At work today, I had a security hole to investigate. Say what you like about Microsoft, but you have to admit that in recent years they have really turned things around on the front of taking security seriously. It was interesting to get to experience this from the inside today.
As it turned out, all the Microsoft Security Response Center wanted to know was if this bug (which is known to affect certain no-longer-supported parts of Visual Studio 6) also affected the later versions (Visual Studio .NET, Visual Studio .NET 2003 and Visual Studio 2005).

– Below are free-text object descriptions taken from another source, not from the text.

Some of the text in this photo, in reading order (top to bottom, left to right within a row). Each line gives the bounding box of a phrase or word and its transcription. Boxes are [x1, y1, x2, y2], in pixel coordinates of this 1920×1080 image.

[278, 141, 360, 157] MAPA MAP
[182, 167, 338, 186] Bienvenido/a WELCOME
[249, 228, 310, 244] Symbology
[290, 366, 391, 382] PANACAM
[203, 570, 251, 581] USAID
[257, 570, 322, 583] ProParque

Rather than just testing the exploit against these later versions, I insisted on debugging through the VS6 code to find the faulty code and then making sure that this code was fixed in the later versions.
It's quite a strange experience to be debugging through such old code (some of it at least a decade old) especially when I work every day on the code that is descended from it. It's kind of like going back in time and meeting your ancestors. There are some strangely familiar things there but it is very much code from another time. It's also much simpler with 10 years fewer layers of features and added special cases. I was surprised at how easy the bug was to track down.

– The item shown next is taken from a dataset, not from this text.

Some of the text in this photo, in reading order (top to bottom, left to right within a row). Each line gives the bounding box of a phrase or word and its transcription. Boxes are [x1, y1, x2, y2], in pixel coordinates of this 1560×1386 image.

It was also a relief that, when I found the right place, the bug was completely obvious to any (modern day) programmer looking at the routine in question. Rather than being some subtle and hard-to-spot side-effect of a rare interaction between unrelated parts, the faulty code was doing all the things you're not supposed to do, like allocating a fixed-length buffer on the stack and concatenating C-style strings without any size checks. Such code could never get into the product with the processes we have in place now.
Amazingly, the function with the fault still exists in the codebase today, though the buffer overrun was fixed a long time ago (sometime before November 2000, when the code was moved to the version control system we currently use). It's good to know that when issues like this come up we can track them down quickly even in ancient code, and that our processes work.